Segmentation is a fundamental way to isolate and protect critical assets in an enterprise. SD-WAN provides for a differentiated segmentation solution by building a single overlay across all enterprise links based on an encryption protocol like an IPsec, and maps VLANs or IP address ranges to those defined tunnels at each location. Segmentation with SD-WAN allows for complete visibility and control into each network segment.
Security functions in the cloud for IaaS: Effective collaboration between security and networking teams can result in a secure, scalable cloud footprint for applications and/or workloads. SD-WAN facilitates tighter integration, orchestration, and service chaining between virtual network functions (VNFs) for routing and security. This enables enterprises to build a proper security perimeter around cloud-hosted services.
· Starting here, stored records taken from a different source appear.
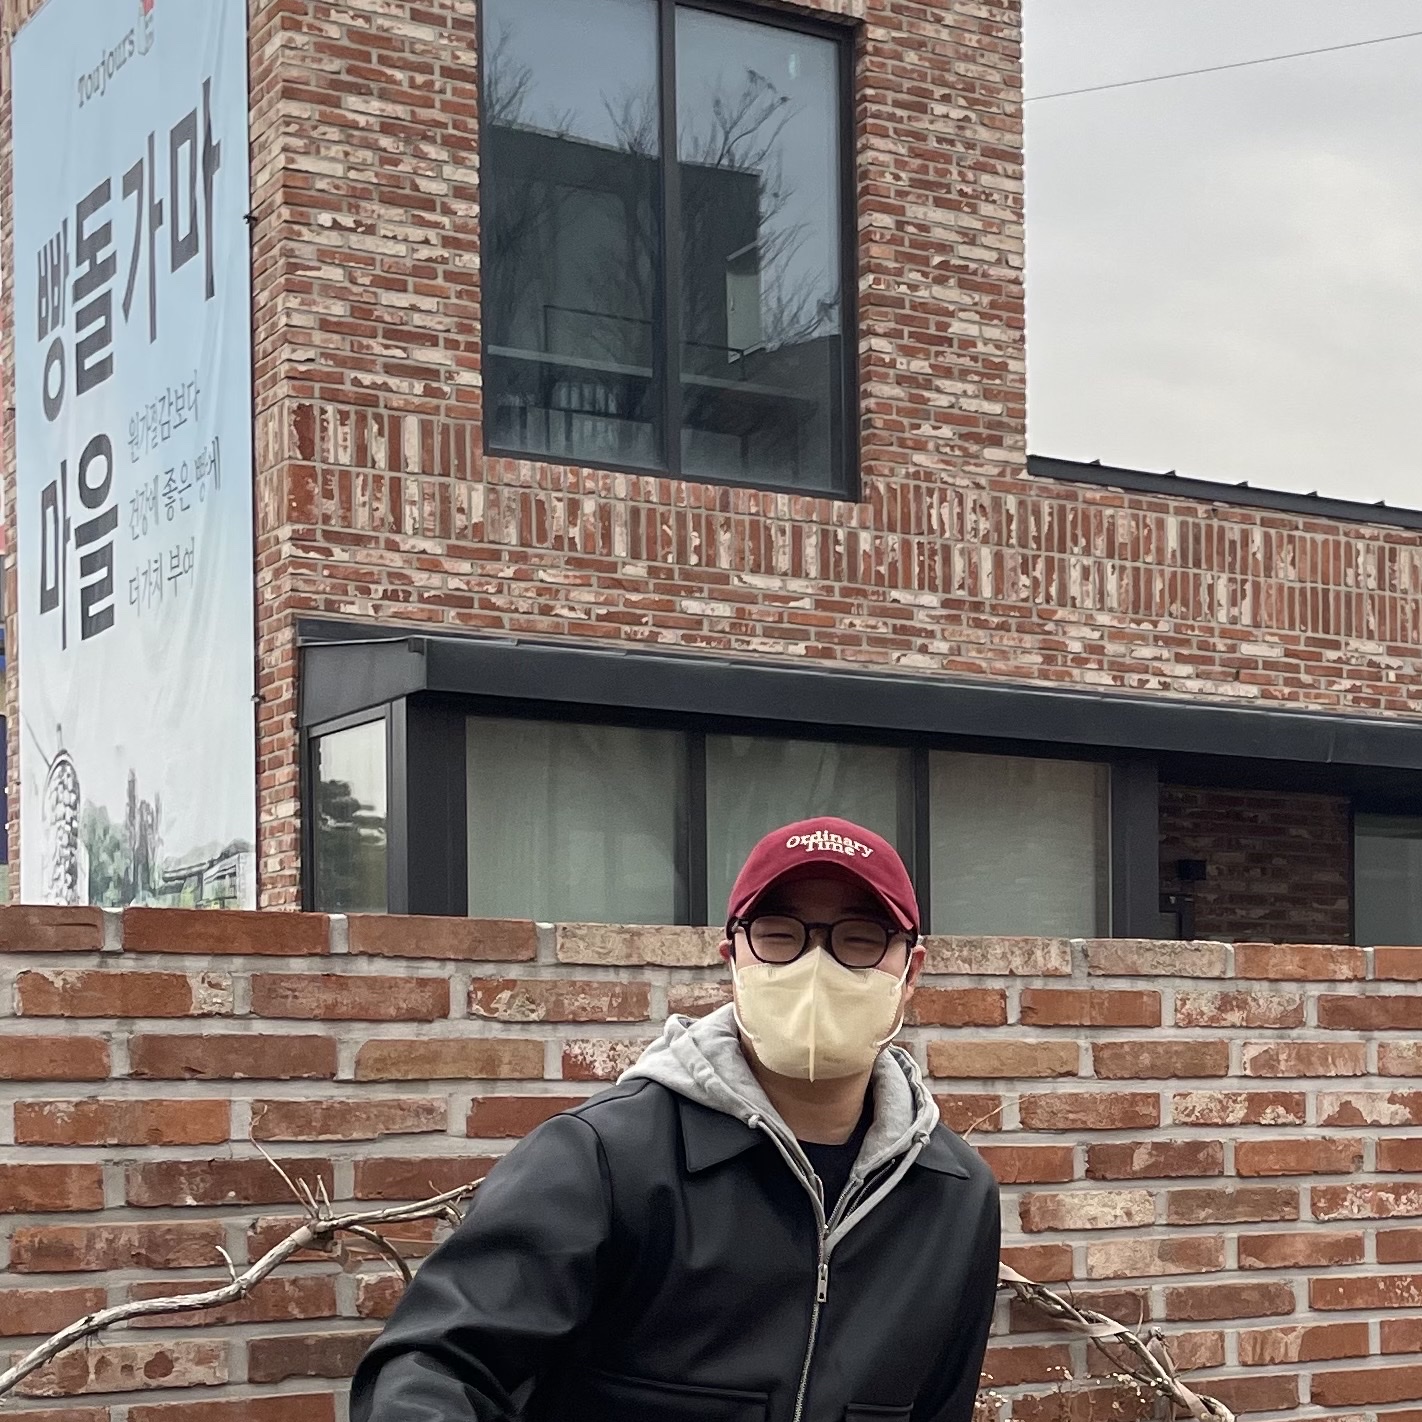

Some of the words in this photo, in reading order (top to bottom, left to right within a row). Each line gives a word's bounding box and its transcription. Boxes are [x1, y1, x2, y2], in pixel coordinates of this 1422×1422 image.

[37, 75, 221, 422] 빵돌가마
[162, 459, 193, 522] 좋은
[39, 433, 119, 651] 마을
[167, 535, 196, 598] 부여
[785, 829, 874, 858] Ordinary
[805, 839, 856, 856] Time
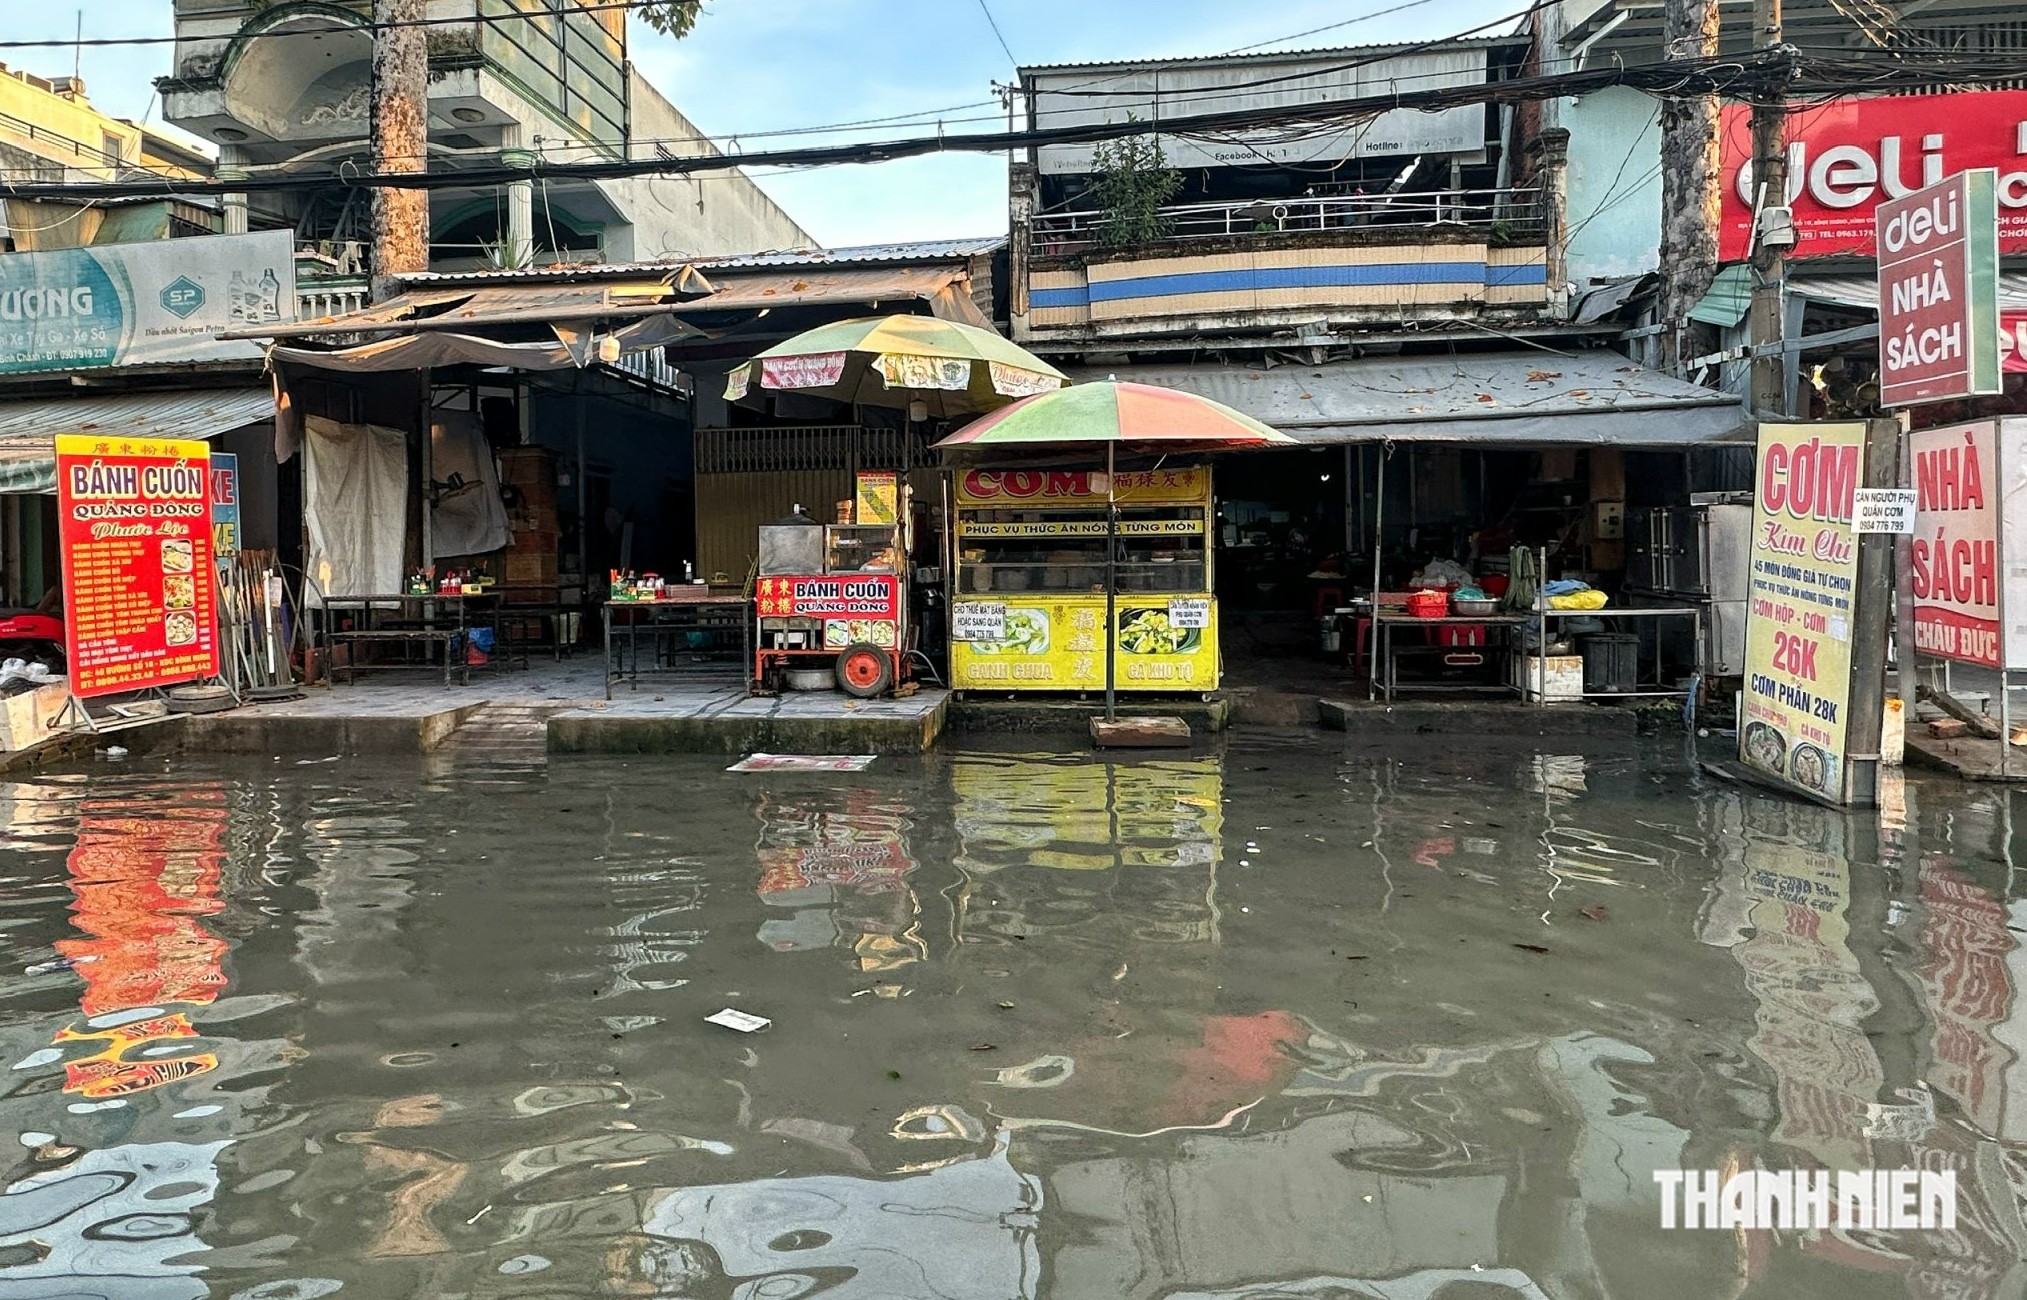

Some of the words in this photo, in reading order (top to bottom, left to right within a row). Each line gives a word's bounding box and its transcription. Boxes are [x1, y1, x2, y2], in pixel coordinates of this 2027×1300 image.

[1884, 189, 1957, 253] deli
[1891, 258, 1951, 317] NHÀ
[1886, 322, 1962, 372] SÁCH
[72, 460, 138, 498] BÁNH
[144, 459, 203, 498] CUỐN
[1762, 437, 1859, 521] CƠM
[1917, 431, 1984, 512] NHÀ
[75, 501, 147, 517] QUẢNG
[152, 502, 203, 516] ĐÔNG
[1862, 504, 1883, 517] QUÁN
[1898, 492, 1916, 506] PHỤ
[91, 521, 152, 539] Phước
[156, 522, 188, 536] Lộc
[965, 525, 999, 537] PHỤC
[1003, 524, 1020, 535] VỤ
[1024, 521, 1056, 533] THỨC
[1125, 519, 1160, 532] TỪNG
[1164, 519, 1196, 531] MÓN
[1757, 520, 1805, 556] Kim
[1813, 529, 1853, 563] Chi
[1829, 575, 1852, 594] CHỌN
[1912, 527, 1996, 607] SÁCH
[795, 579, 839, 599] BÁNH
[843, 577, 890, 600] CUỐN
[795, 599, 846, 614] QUẢNG
[848, 600, 890, 612] ĐÔNG
[1753, 598, 1773, 619] CƠM
[1775, 602, 1795, 627] HỘP
[1803, 611, 1826, 634] CƠM
[1772, 630, 1818, 682] 26K
[1915, 618, 1956, 653] CHÂU
[1960, 623, 1998, 661] ĐỨC
[967, 662, 1009, 681] CANH
[1012, 662, 1053, 681] CHUA
[1148, 662, 1174, 680] KHO
[1751, 672, 1776, 700] CƠM
[1813, 696, 1838, 724] 28K
Security for SaaS and DIA access: The inside-out and outside-in threats while accessing SaaS applications via DIA can be mitigated using Secure Internet Gateway (SIG) services in the cloud providing for visibility and enforcement on and off the network, protection over all ports and protocols and discovery and control of SaaS. Cloud Access Security Broker (CASB) service enforce authentication and authorization of resources and effectively enables secure access to SaaS in the public domain.
Bring your own device (BYOD) and mobility: BYOD demands proper security measures in place for secure and scalable access to on-premise as well as cloud-based applications and workload by all employees connecting via cellular or public Wi-Fi. SD-WAN and identity services integration can ensure device/user-level authentication, posture assessment, and secure segmented access into enterprise infrastructure. Multifactor Authentication (MFA) has proven to be an effective practice for secure access to resources.
Encrypted traffic analysis: Most of the application traffic on the internet is encrypted, be it a SaaS or P2P or https transactions. Using the encrypted threat analysis techniques is an only scalable model where it constantly updates itself with the threat heuristics using machine-learning.
Figure out where those placements of controls make the most sense given your environment. And look at what are the opportunities using cloud-based management and align policy so that you can get the same policy regardless of where that control lives in their environment.